The problem: It would help if you retyped the data exactly, leaving out the pictures.

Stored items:
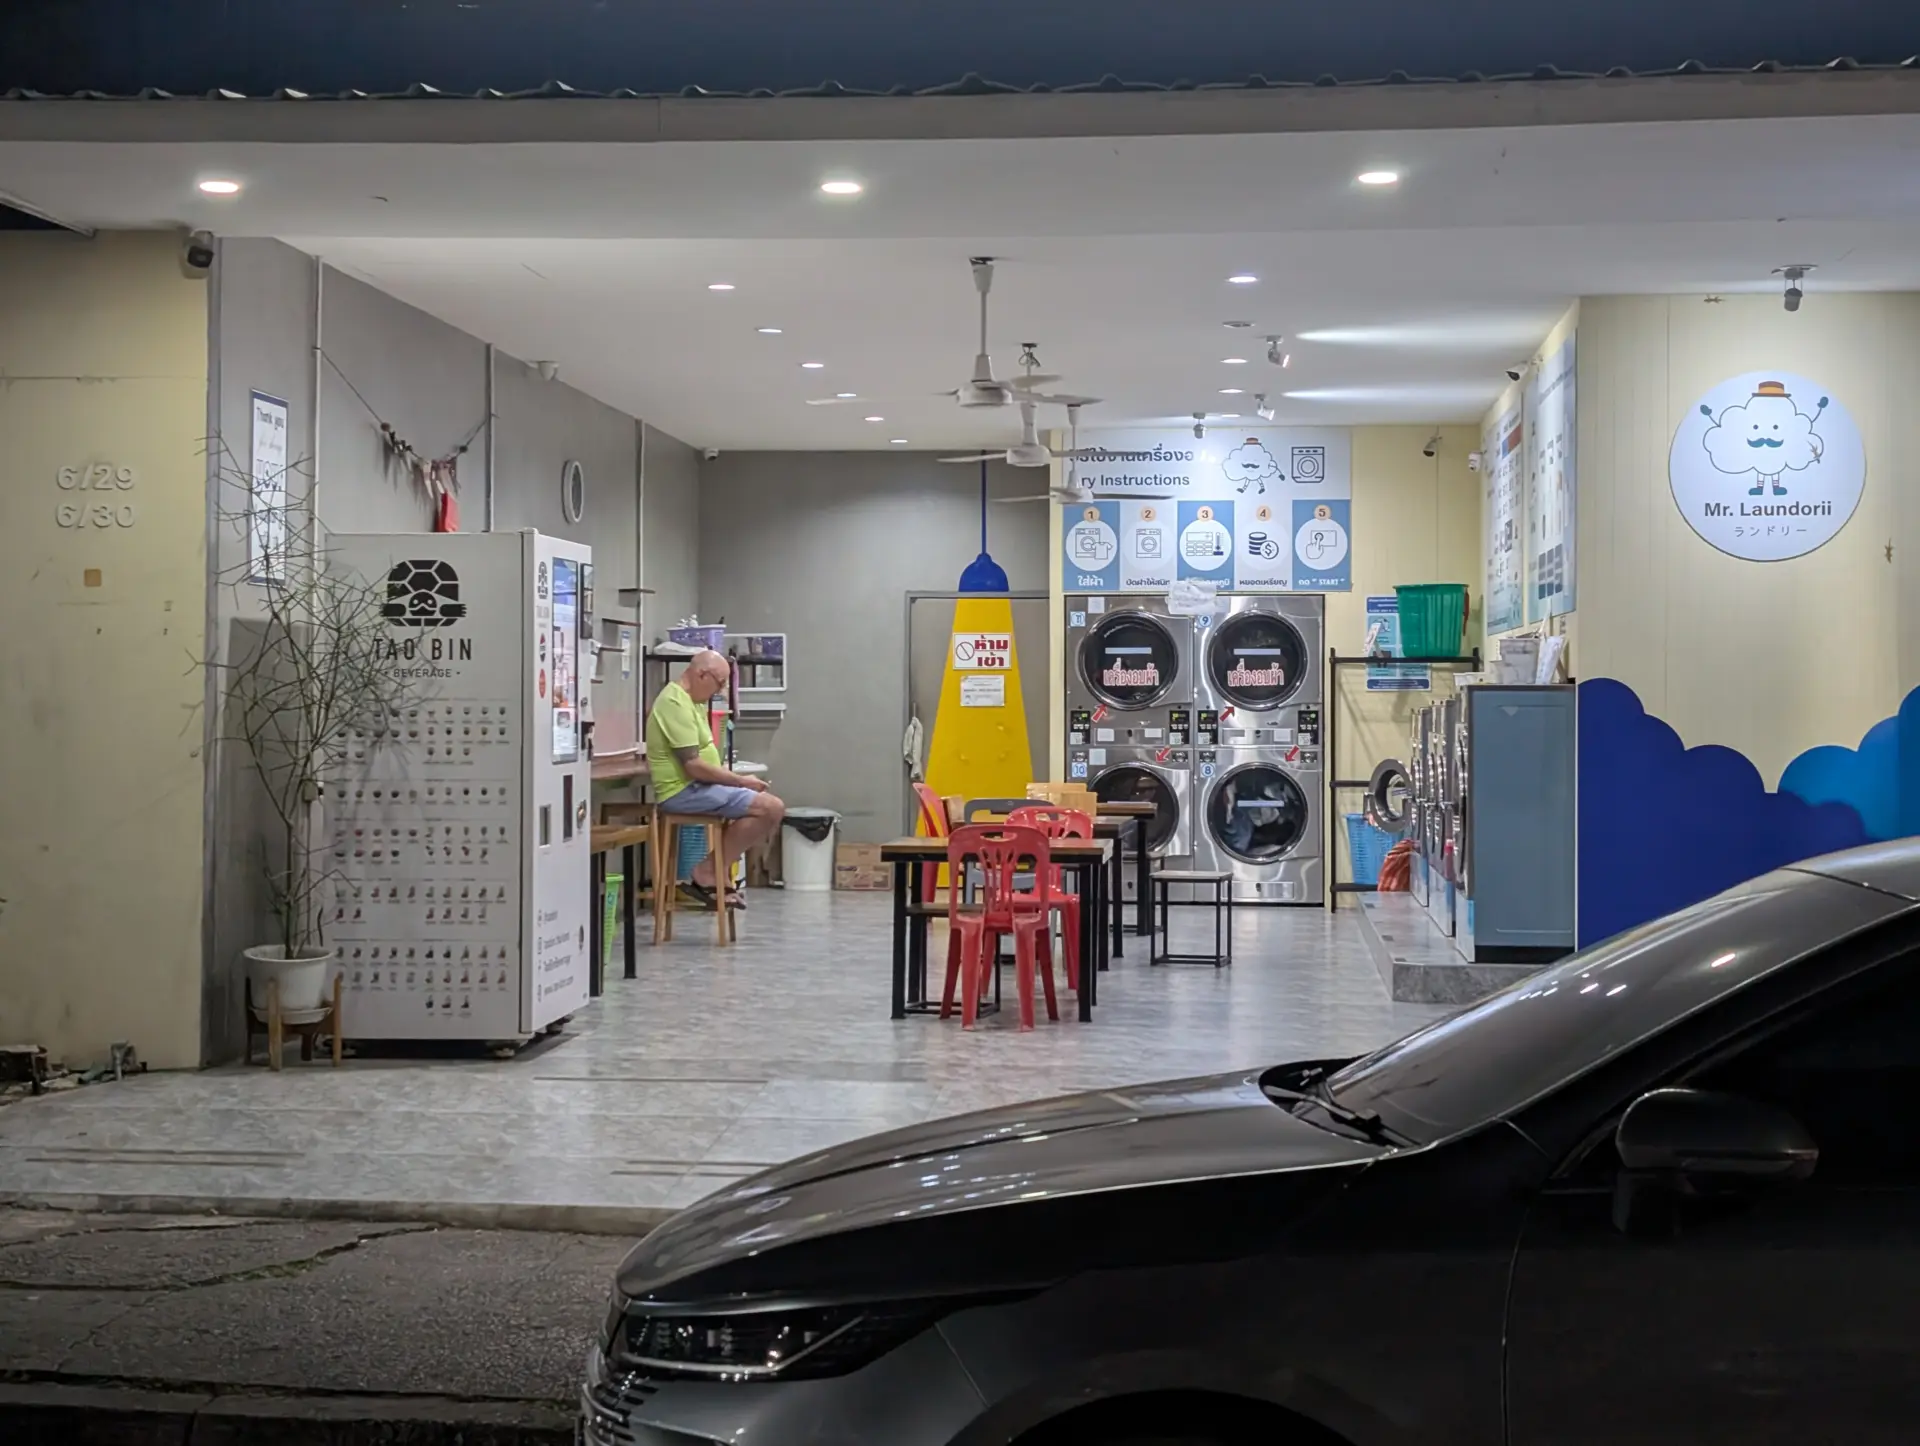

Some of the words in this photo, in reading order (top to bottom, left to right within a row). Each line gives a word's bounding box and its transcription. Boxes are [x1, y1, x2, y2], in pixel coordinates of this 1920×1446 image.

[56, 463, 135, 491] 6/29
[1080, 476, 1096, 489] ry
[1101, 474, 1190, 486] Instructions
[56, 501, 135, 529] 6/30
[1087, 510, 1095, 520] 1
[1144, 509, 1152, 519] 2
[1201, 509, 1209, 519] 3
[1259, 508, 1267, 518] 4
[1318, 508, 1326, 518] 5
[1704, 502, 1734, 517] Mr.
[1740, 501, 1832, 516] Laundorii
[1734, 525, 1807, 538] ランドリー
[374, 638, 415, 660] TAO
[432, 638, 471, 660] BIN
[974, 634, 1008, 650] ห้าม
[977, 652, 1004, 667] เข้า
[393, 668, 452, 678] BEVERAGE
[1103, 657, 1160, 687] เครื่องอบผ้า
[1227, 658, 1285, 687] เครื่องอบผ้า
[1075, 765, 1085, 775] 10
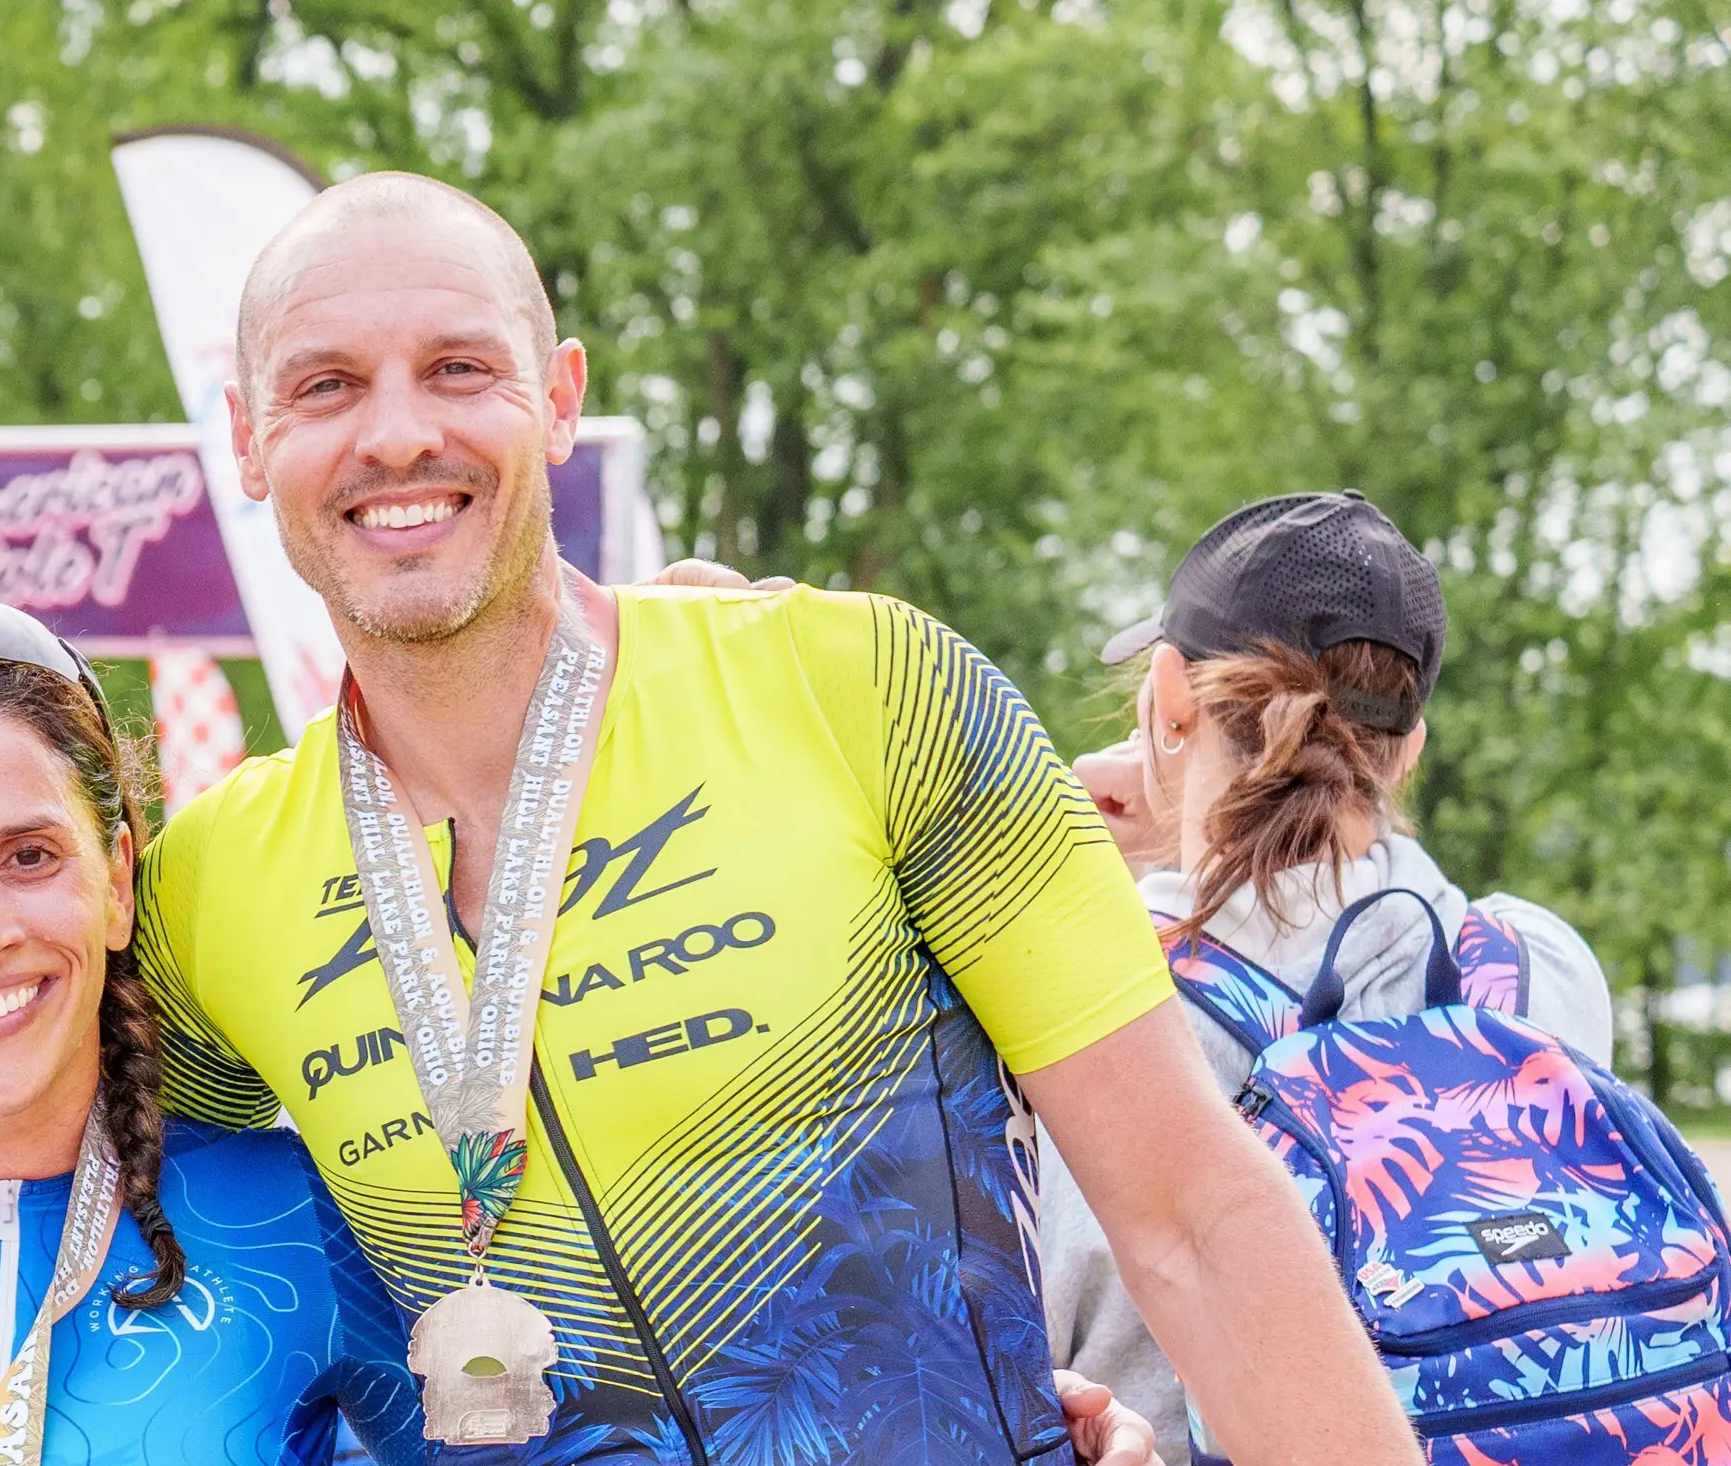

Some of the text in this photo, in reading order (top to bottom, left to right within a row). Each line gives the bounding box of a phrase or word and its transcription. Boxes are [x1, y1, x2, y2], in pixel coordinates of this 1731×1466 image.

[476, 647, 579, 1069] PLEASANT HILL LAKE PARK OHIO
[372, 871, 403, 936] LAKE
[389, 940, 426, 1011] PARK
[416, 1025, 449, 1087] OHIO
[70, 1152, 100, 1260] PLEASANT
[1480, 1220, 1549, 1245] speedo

Output of the task:
Some of the words in this photo, in reading order (top to bottom, left to right within a row). Each line gives a word's bounding box and its transcription. Boxes are [x1, y1, x2, y2], in pixel coordinates of this 1920×1446 image.

[56, 463, 135, 491] 6/29
[1080, 476, 1096, 489] ry
[1101, 474, 1190, 486] Instructions
[56, 501, 135, 529] 6/30
[1087, 510, 1095, 520] 1
[1144, 509, 1152, 519] 2
[1201, 509, 1209, 519] 3
[1259, 508, 1267, 518] 4
[1318, 508, 1326, 518] 5
[1704, 502, 1734, 517] Mr.
[1740, 501, 1832, 516] Laundorii
[1734, 525, 1807, 538] ランドリー
[374, 638, 415, 660] TAO
[432, 638, 471, 660] BIN
[974, 634, 1008, 650] ห้าม
[977, 652, 1004, 667] เข้า
[393, 668, 452, 678] BEVERAGE
[1103, 657, 1160, 687] เครื่องอบผ้า
[1227, 658, 1285, 687] เครื่องอบผ้า
[1075, 765, 1085, 775] 10

Some of the text in this photo, in reading order (top to bottom, left to right within a row). Each line gives the bounding box of a phrase or word and its transcription. Boxes are [x1, y1, x2, y2], in pixel coordinates of this 1731×1466 image.

[476, 647, 579, 1069] PLEASANT HILL LAKE PARK OHIO
[372, 871, 403, 936] LAKE
[389, 940, 426, 1011] PARK
[416, 1025, 449, 1087] OHIO
[70, 1152, 100, 1260] PLEASANT
[1480, 1220, 1549, 1245] speedo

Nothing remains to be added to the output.